Data under study.
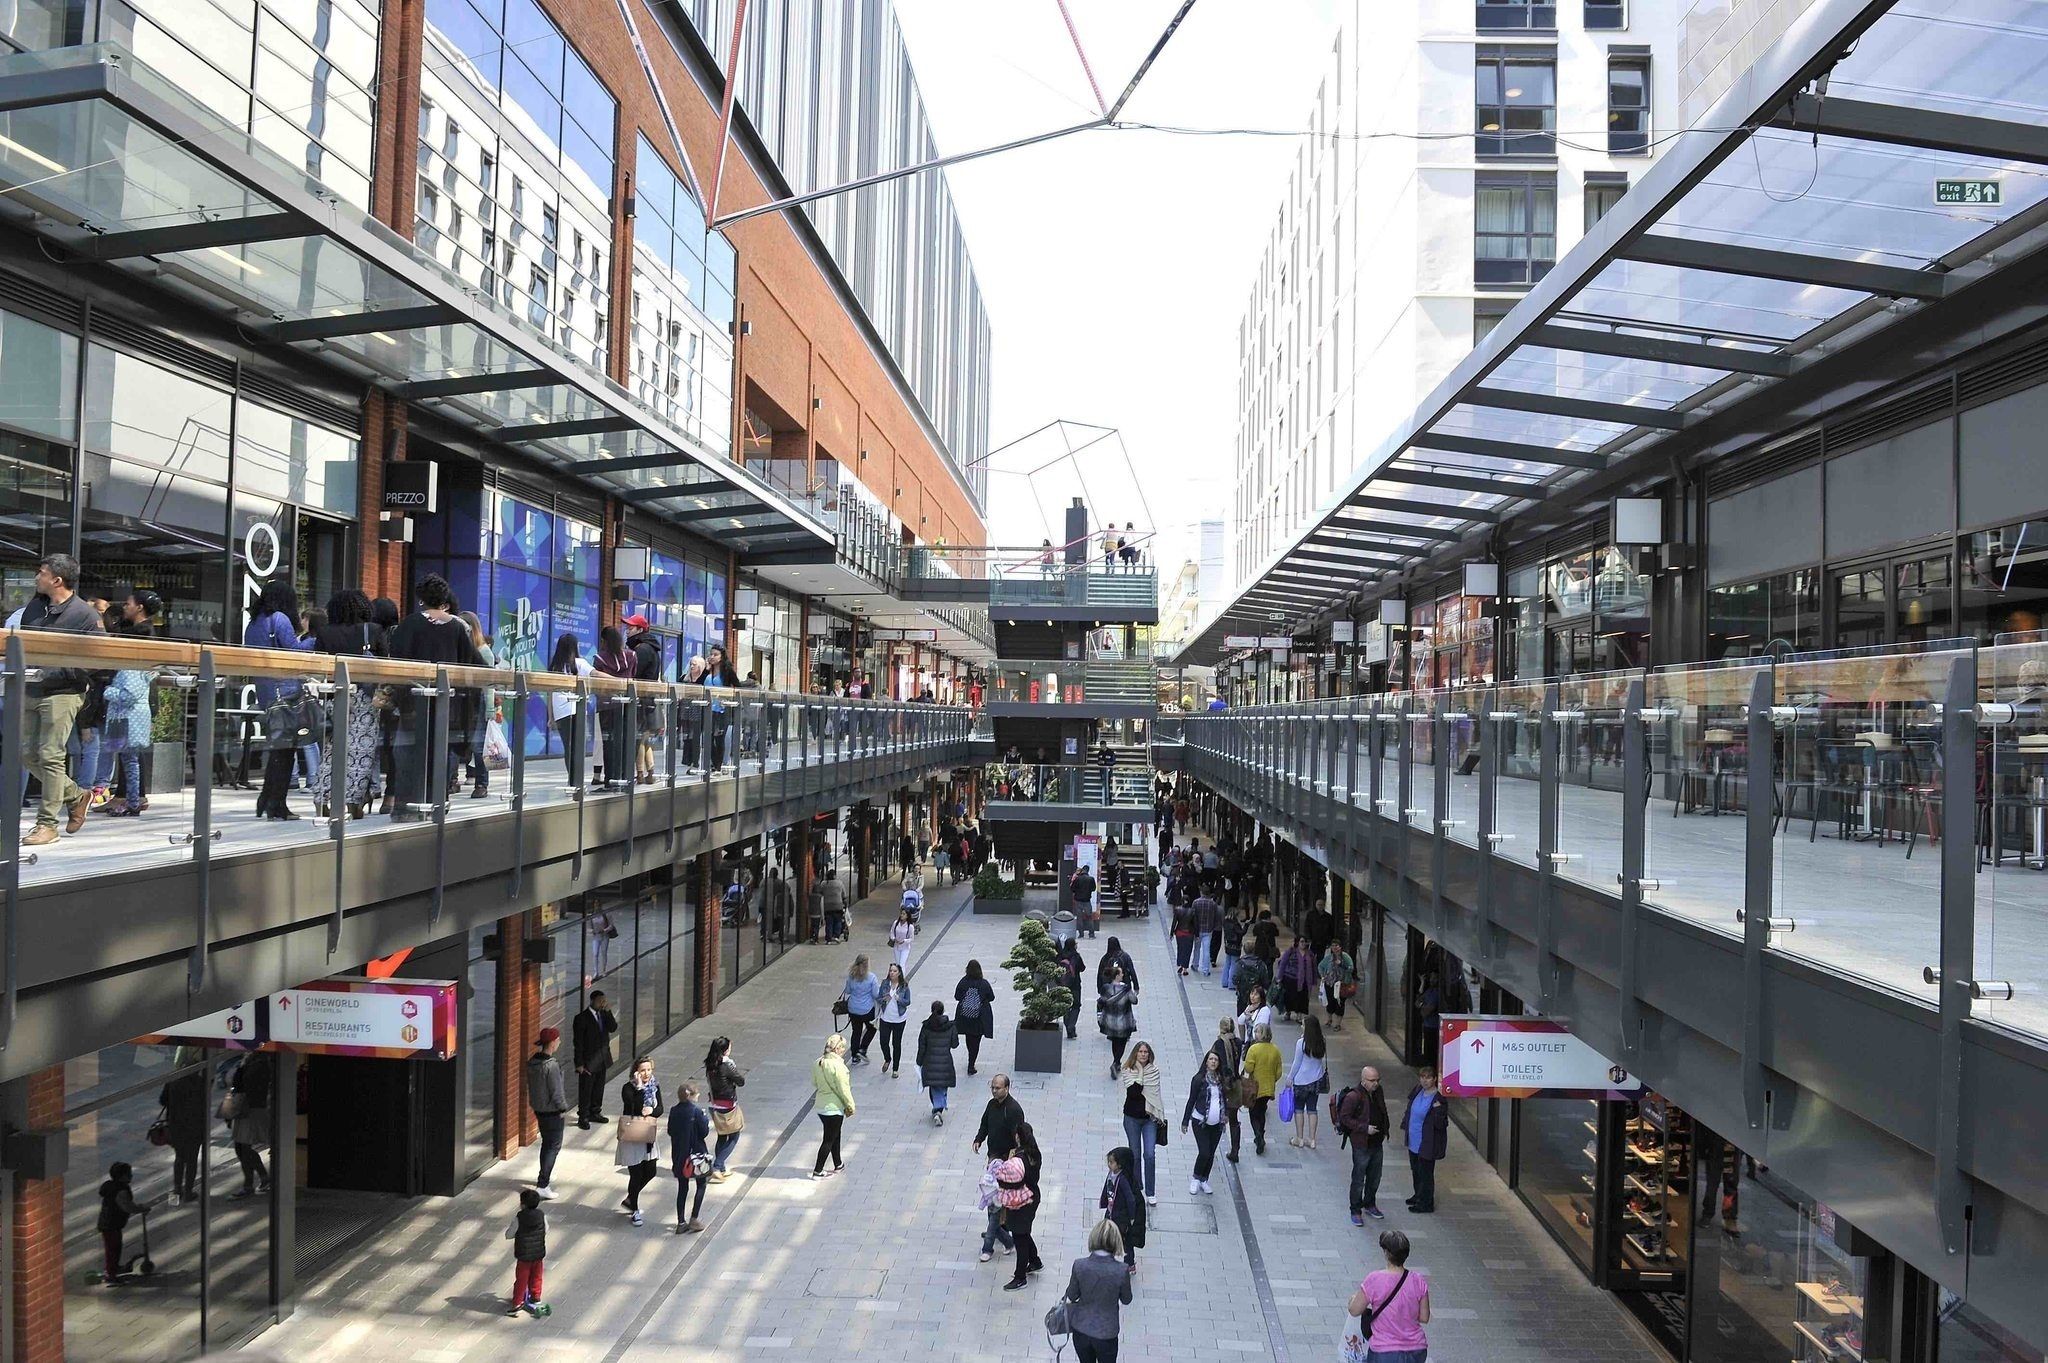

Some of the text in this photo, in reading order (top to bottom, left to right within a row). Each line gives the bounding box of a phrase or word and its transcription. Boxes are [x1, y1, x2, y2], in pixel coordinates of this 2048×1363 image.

[386, 492, 425, 504] PREZZO
[516, 596, 547, 641] Pay
[528, 637, 536, 649] TO
[305, 997, 360, 1009] CINEWORLD
[305, 1021, 371, 1033] RESTAURANTS
[1502, 1043, 1567, 1053] M&S OUTLET
[1502, 1064, 1543, 1074] TOILETS
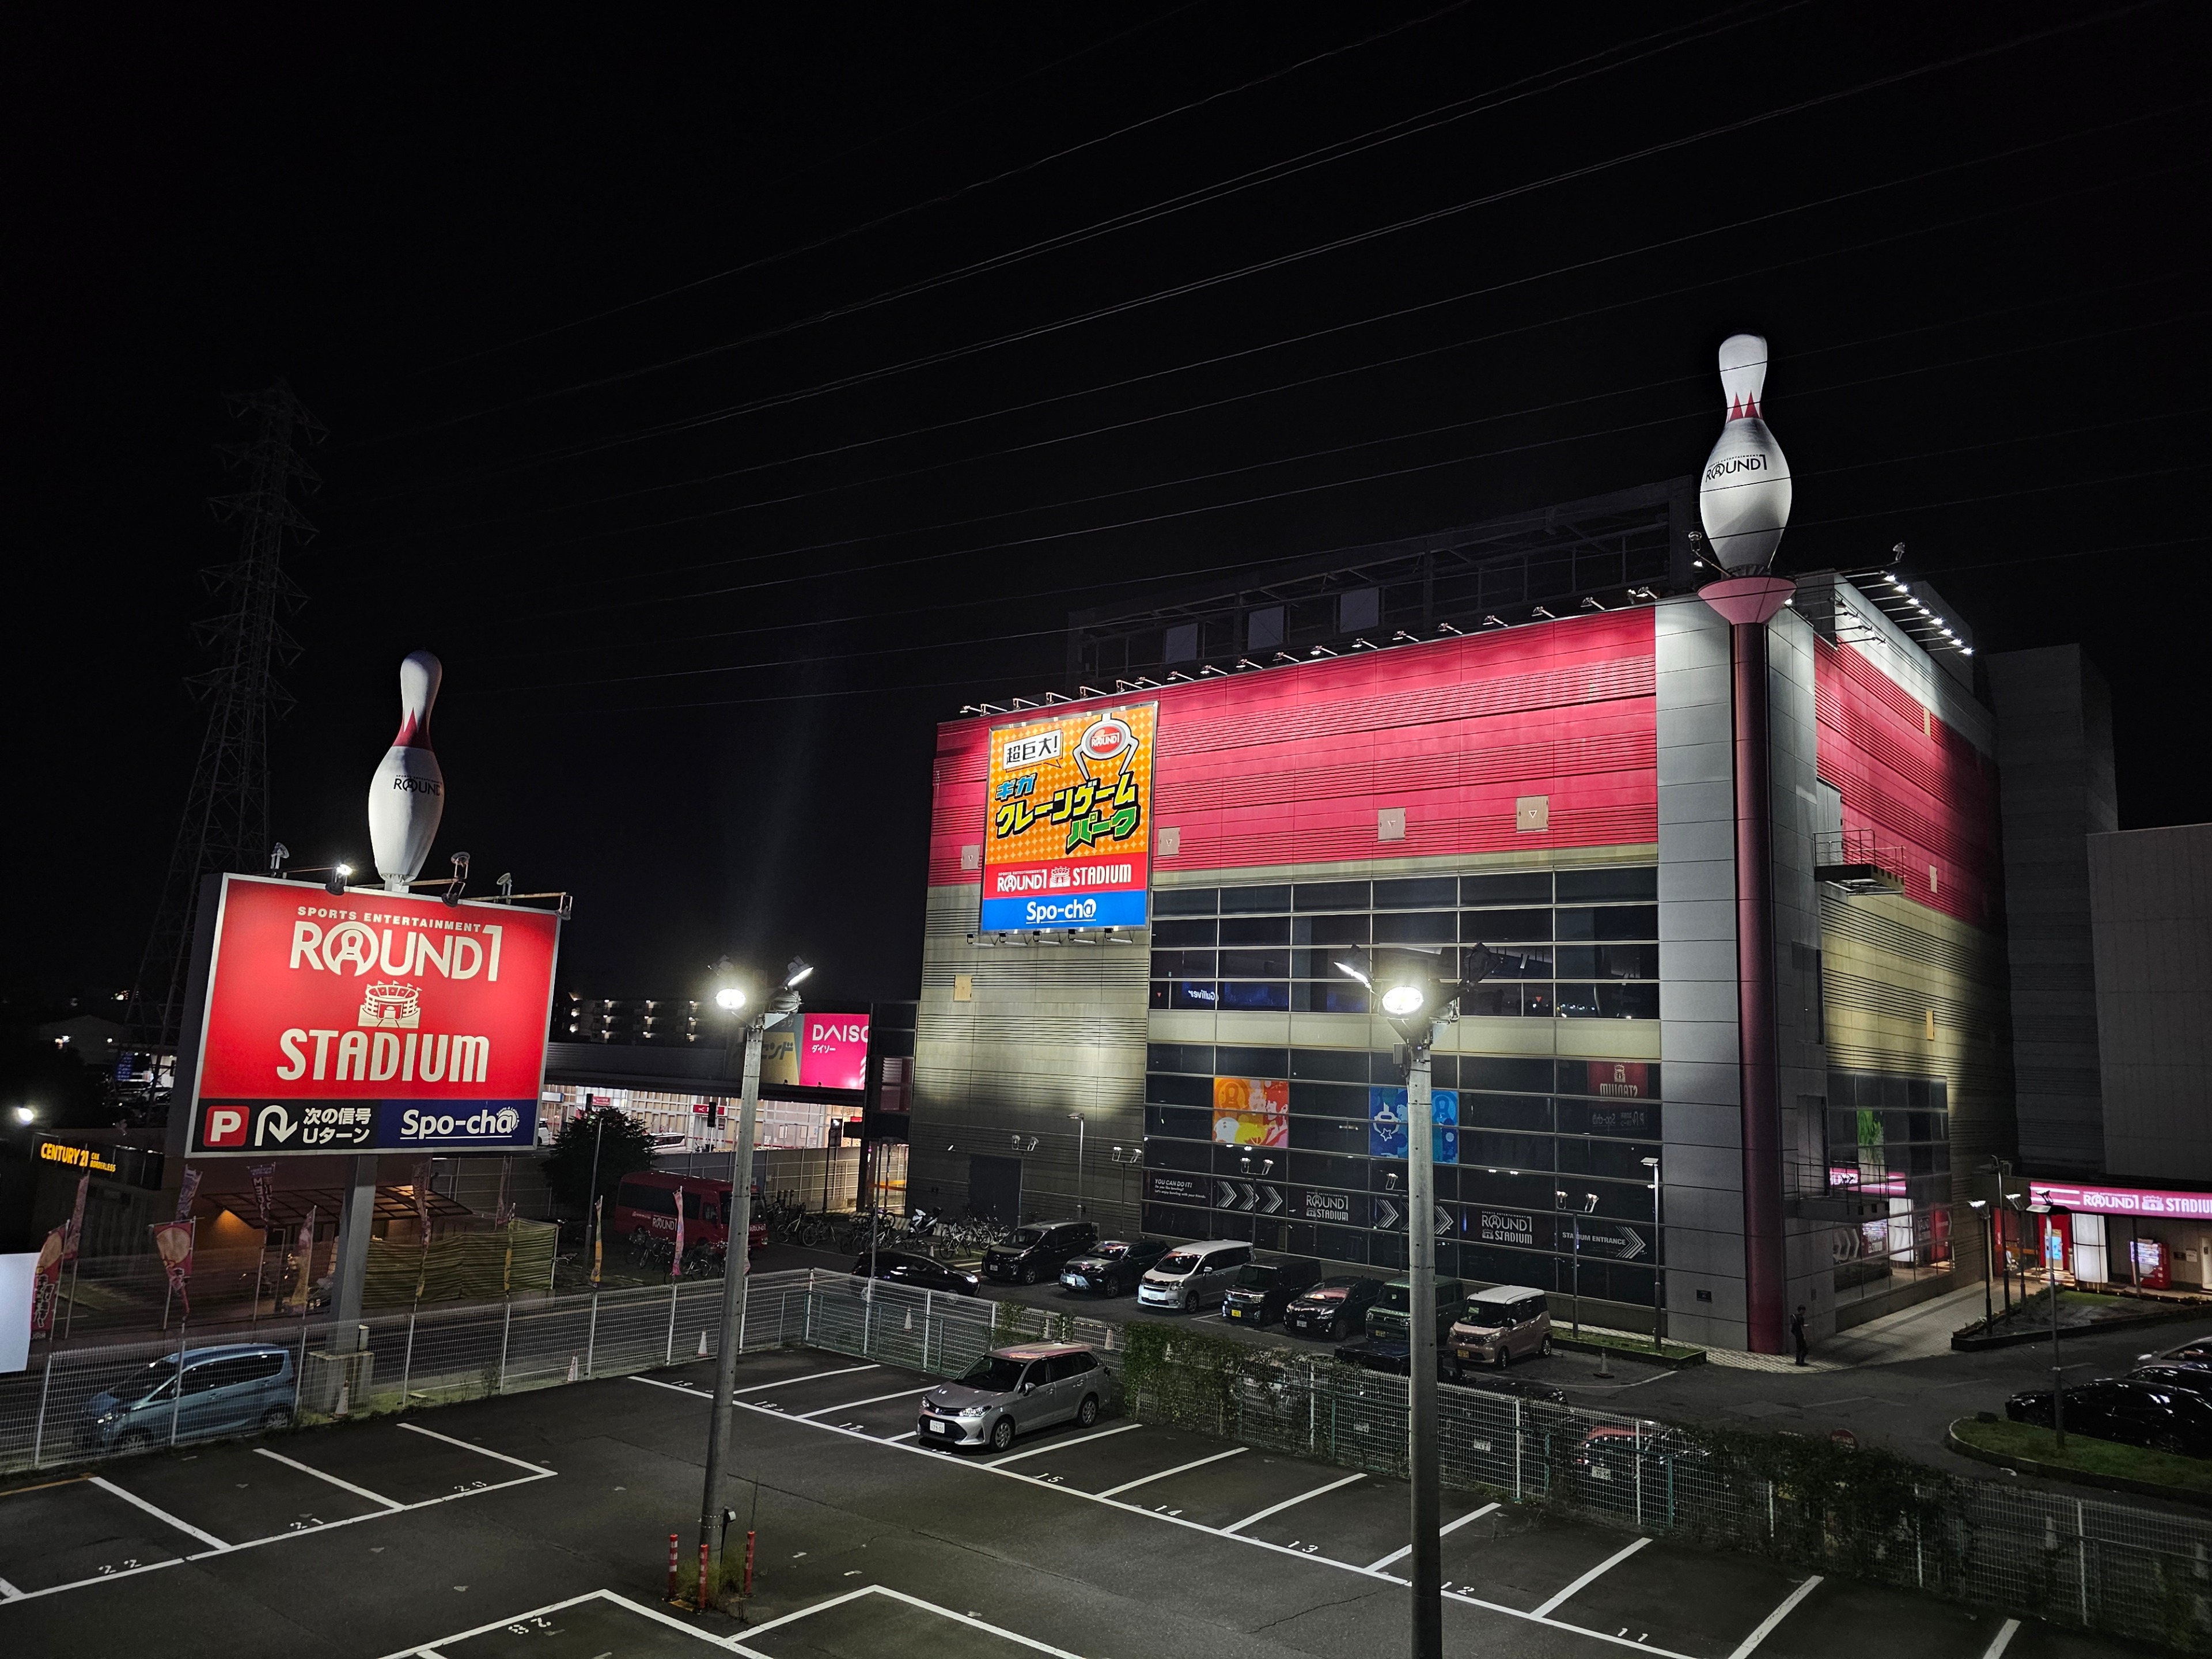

Assigned task.
Restate every entry above word for word; no picture belongs in the copy.

Response for this exercise.
Some of the text in this photo, in reading order (top to bottom, left to right within a row). Each line gives the bounding box of a phrase or word and its transcription. Boxes are [x1, y1, x2, y2], in pixel coordinates of this 2048×1363 image.

[386, 492, 425, 504] PREZZO
[516, 596, 547, 641] Pay
[528, 637, 536, 649] TO
[305, 997, 360, 1009] CINEWORLD
[305, 1021, 371, 1033] RESTAURANTS
[1502, 1043, 1567, 1053] M&S OUTLET
[1502, 1064, 1543, 1074] TOILETS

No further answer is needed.